Sono tornati i Morcheeba, la band inglese che per una sera ha riportato gli anni ’90 sulle rive dell’Idroscalo.
Dopo vari cambi di formazione e l’abbandono di Paul Godfrey, il duo Skye & Ross ha deciso di andare avanti comunque con lo stesso nome.

La temperatura di questo lunedì sera di fine luglio è stranamente accettabile e alle 22 dopo l’apertura del concerto affidata a Sarah Stride, i quattro inglesi sono sul palco (con alla batteria il figlio della cantante).
La media di età del pubblico è alta, e molti sono evidentemente fan da molto tempo.
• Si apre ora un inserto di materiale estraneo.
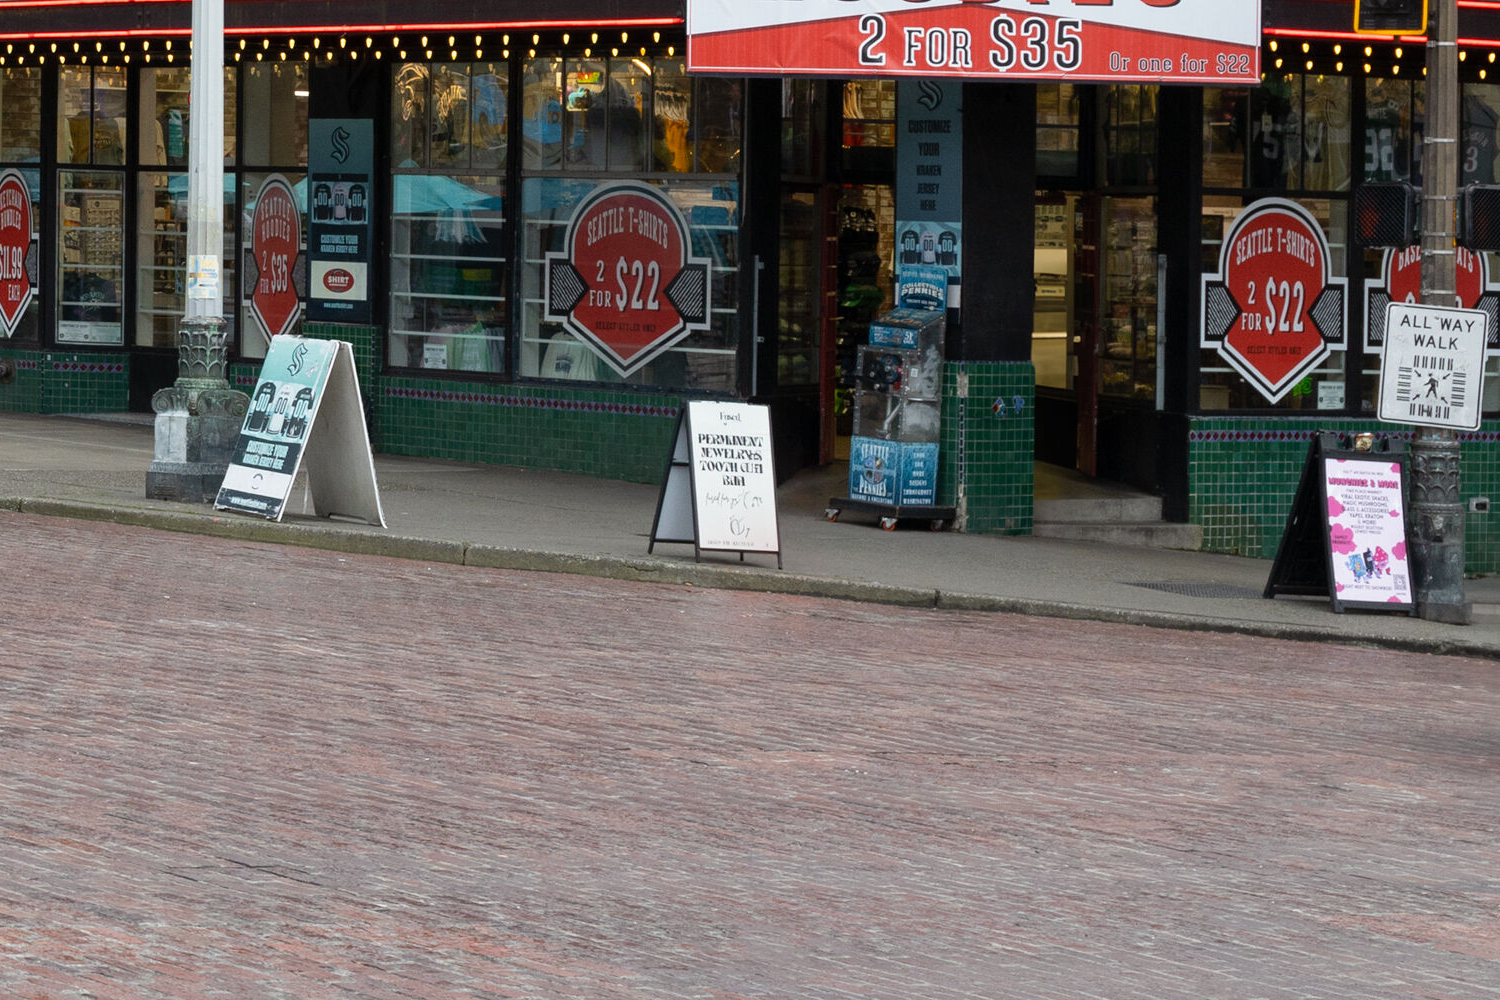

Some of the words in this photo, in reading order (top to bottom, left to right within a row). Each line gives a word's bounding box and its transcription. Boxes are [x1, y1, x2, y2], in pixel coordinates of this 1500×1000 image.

[859, 13, 886, 66] 2
[904, 27, 973, 67] FOR
[990, 13, 1082, 71] $35
[1110, 50, 1130, 72] Or
[1138, 58, 1172, 72] one
[1180, 55, 1208, 73] for
[1216, 55, 1250, 74] $22
[908, 120, 951, 134] CUSTOMIZE
[918, 143, 940, 156] YOUR
[916, 165, 941, 177] KRAKEN
[917, 183, 940, 195] JERSEY
[261, 197, 291, 221] SEATTLE
[920, 200, 936, 211] HERE
[261, 218, 290, 243] HOODIES
[588, 207, 624, 246] SEATTLE
[629, 207, 668, 249] T-SHIRTS
[1236, 228, 1273, 265] SEATTLE
[1277, 228, 1315, 267] T-SHIRTS
[263, 250, 267, 271] 2
[1398, 246, 1421, 272] BASE
[1457, 247, 1473, 273] ATS
[271, 252, 288, 295] $35
[596, 260, 604, 282] 2
[8, 284, 20, 301] EACH
[260, 278, 269, 294] FOR
[615, 256, 660, 312] $22
[1248, 281, 1255, 304] 2
[589, 289, 611, 307] FOR
[901, 287, 944, 300] PENNIES
[1265, 277, 1304, 335] $22
[1241, 312, 1261, 330] FOR
[1401, 315, 1431, 329] ALL
[1439, 319, 1475, 333] WAY
[1414, 333, 1459, 350] WALK
[698, 433, 764, 448] PERMANENT
[700, 460, 738, 473] TOOTH
Altri, meno attenti, sono più concentrati sulla qualità delle loro selfie di gruppo, peccato per loro.

Skye è strepitosa, con la sua voce danza sulle note e riempie le melodie che dal trip hop al pop-soul fluiscono senza interruzioni per un’ora e mezza. Nei momenti di pausa scherza col pubblico, lo coinvolge, pare divertirsi. Poi a un certo punto mentre Ross beve si ferma un attimo, slaccia il braccialetto che sta indossando e svela a tutti che è una comodissima fiaschetta da braccio.

A metà concerto si concedono una cover di Let’s Dance di Bowie per poi dedicare Blood Like Lemonade alle “fuckin mosquitos” che li hanno accompagnati in tutta la loro permanenza a Milano “every single moment, everywhere”. Dopo un crescendo di intensità e svariati assoli fanno qualche minuto di pausa.

Al suo ritorno Skye insieme al solo tastierista decide di concedersi qualche momento social fotografando il pubblico e facendo qualche video mentre canta ma è un piccolo autogol: la maggior parte del pubblico inizia a distrarsi noncurante della canzone rhodes e voce che sotto il chiacchericcio sta andando avanti, peccato. Per fortuna Rome Wasn’t Built in a Day ristabilisce l’ordine e dà la buonanotte al Magnolia.